• [Provided data]:
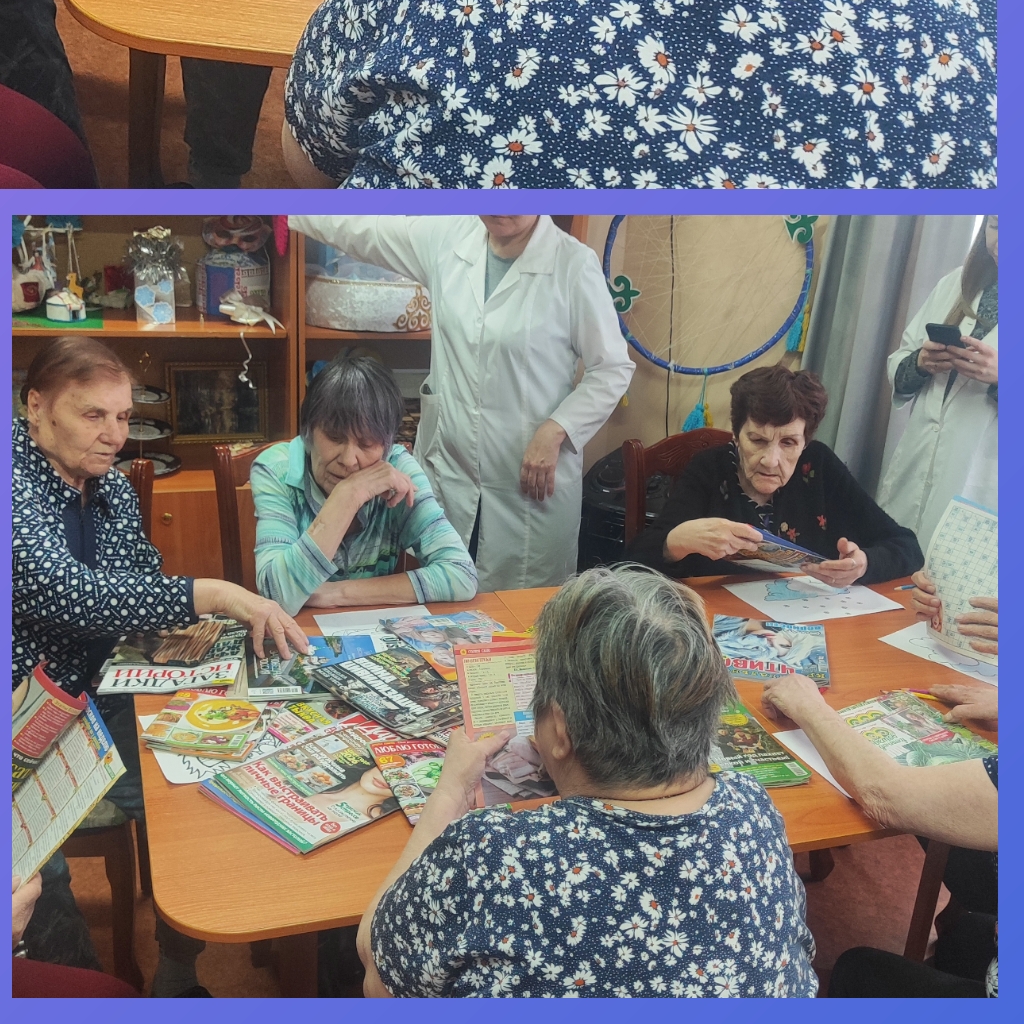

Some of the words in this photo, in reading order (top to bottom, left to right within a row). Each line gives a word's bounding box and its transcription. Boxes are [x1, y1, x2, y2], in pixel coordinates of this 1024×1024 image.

[109, 670, 227, 688] ЗАГАДКИ
[374, 743, 411, 754] ЛЮБЛЮ
[243, 765, 279, 795] личные
[277, 794, 320, 826] границы
[251, 761, 272, 777] Как
[270, 776, 328, 821] выстраивать
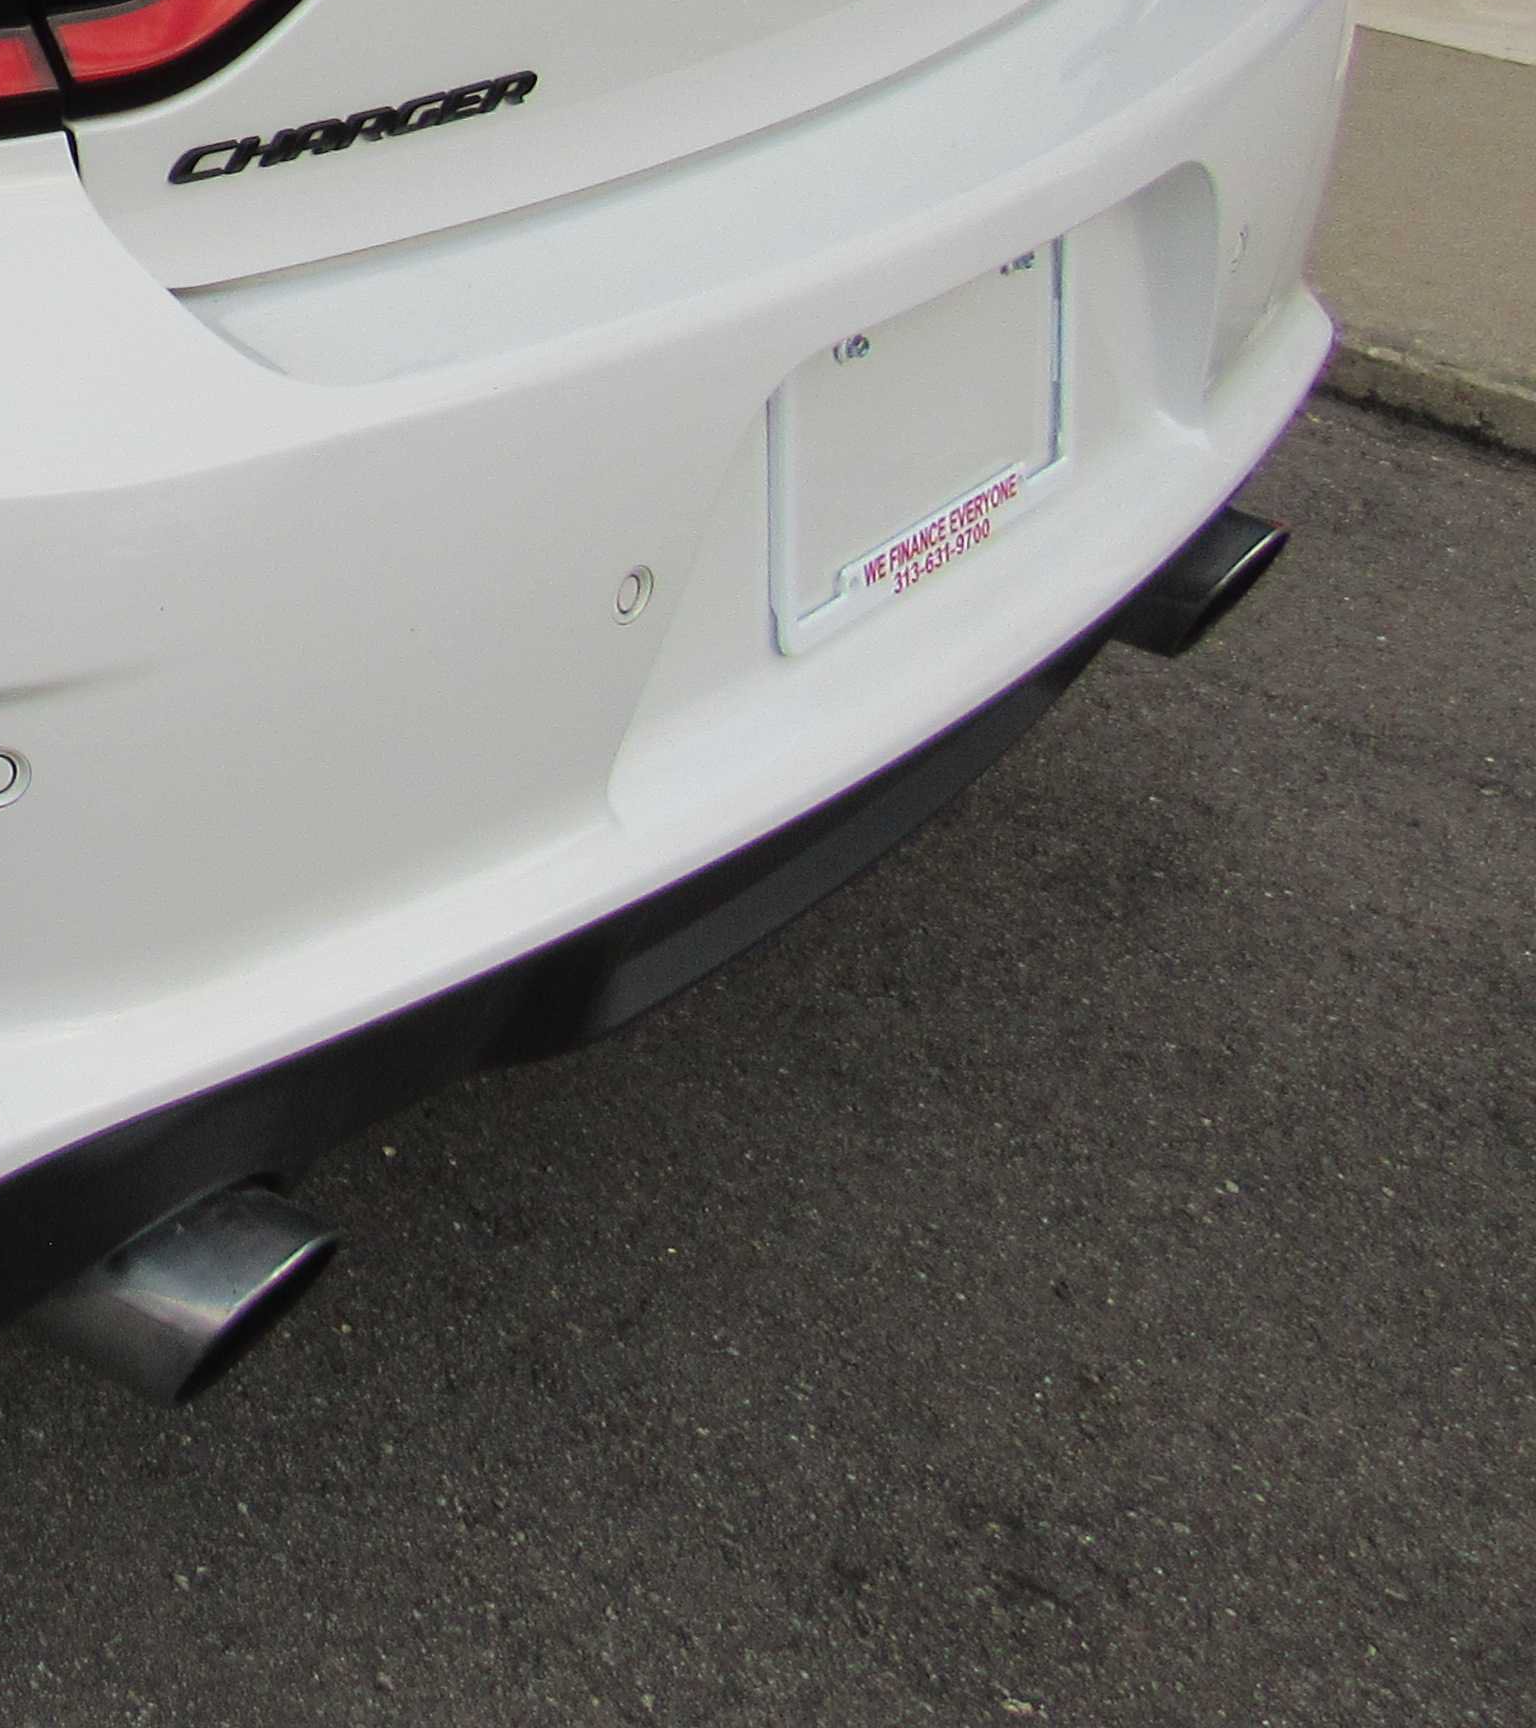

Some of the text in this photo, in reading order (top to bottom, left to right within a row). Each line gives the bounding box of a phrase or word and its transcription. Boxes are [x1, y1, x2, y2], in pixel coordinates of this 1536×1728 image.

• [Work order]: Copy the listing exactly, omitting pictures.

• [Result]:
Some of the words in this photo, in reading order (top to bottom, left to right within a row). Each line gives a word's bounding box and its transcription. Boxes are [x1, y1, x2, y2], in pixel coordinates of this 1024×1024 image.

[109, 670, 227, 688] ЗАГАДКИ
[374, 743, 411, 754] ЛЮБЛЮ
[243, 765, 279, 795] личные
[277, 794, 320, 826] границы
[251, 761, 272, 777] Как
[270, 776, 328, 821] выстраивать

Some of the text in this photo, in reading order (top to bottom, left to right within a row). Each line gives the bounding box of a phrase or word and its transcription. Boxes are [x1, y1, x2, y2], in pixel coordinates of this 1536×1728 image.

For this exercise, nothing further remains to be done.